Comme il parlait ainsi, les larmes aux yeux, une jolie musique éclata, qui jouait le Carillon national, et l’on vit défiler en corps les garçons jardiniers portant des laitues et des marguerites au manche de leurs bêches. Plusieurs corporations les suivaient, musique en tête : les imprimeurs dont le drapeau portait cette inscription : Imprimerie, premier drapeau de la liberté ; puis les bouchers : sur leur bannière était peinte un large couteau avec ces mots : Tremblez, aristocrates, voici les garçons bouchers.

— Ô fraternité ! s’écria Franchot.

— Je la voudrais moins pressante, dit Duvernay en montrant la bannière.
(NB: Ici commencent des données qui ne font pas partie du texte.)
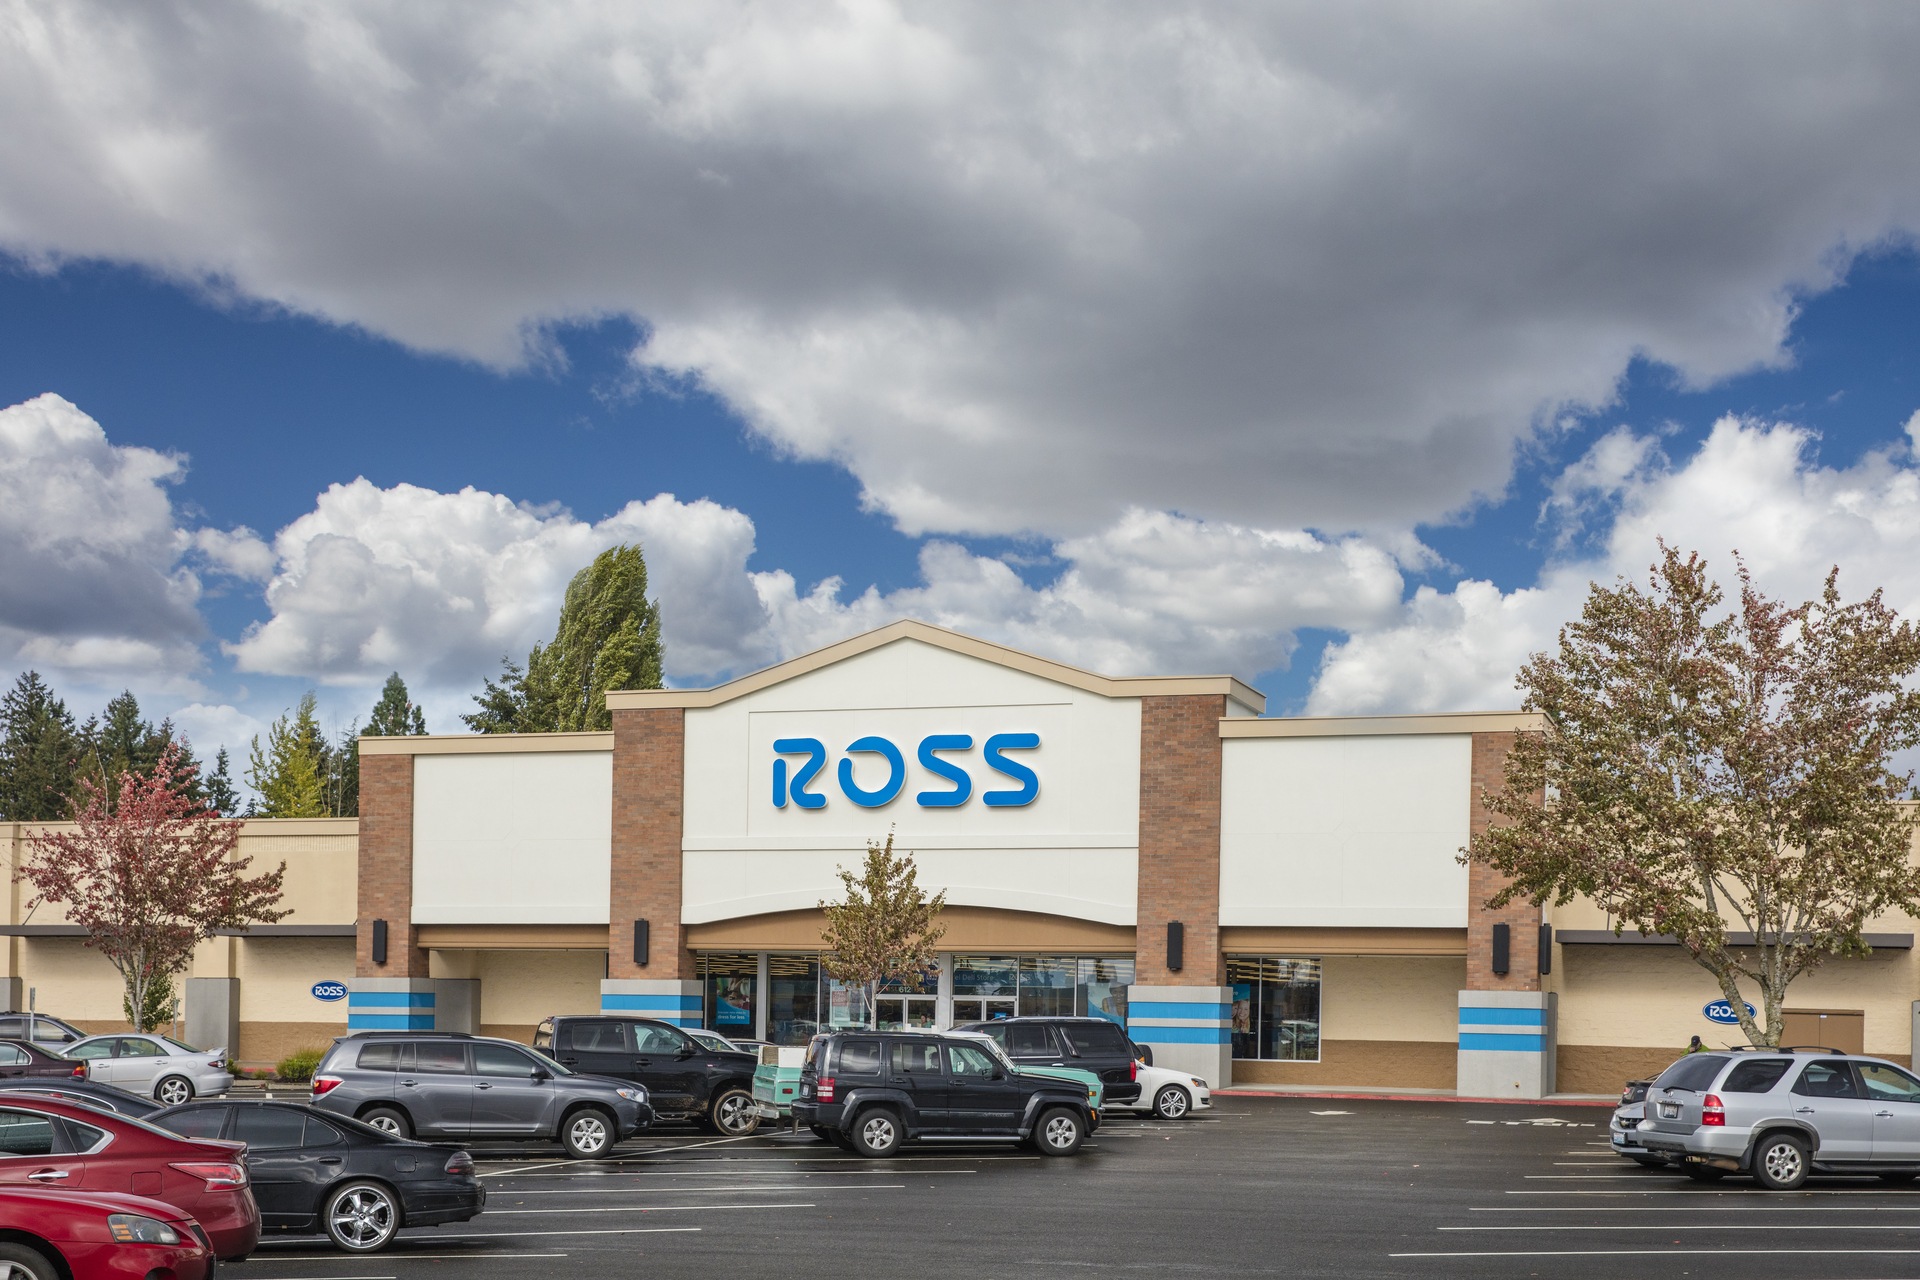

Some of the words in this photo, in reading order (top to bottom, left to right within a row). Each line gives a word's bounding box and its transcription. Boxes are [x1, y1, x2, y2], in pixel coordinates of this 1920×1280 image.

Est-il convenable de dire : sois mon frère ou je te tue ?

— Salut et fraternité ! s’écria alors une jeune femme qui appuyait sur le manche d’une mignonne bèche ses deux mains gantées de longs gants souples. Elle était coiffée « à la nation » avec un chapeau de paille mis de côté sur la tête et une touffe de roses dans les cheveux, à l’oreille. La poitrine tendue, retenant entre les genoux le devant de sa jupe courte, elle laissait voir ses bas roses. Des jeunes gens poudrés, en habit clair, l’entouraient.

— Bonjour, Cécile, lui dit Fanny. Votre patriotisme me fait honte. Moi, je n’ai pour travailler à l’autel de la Nation ni bêche ni roses.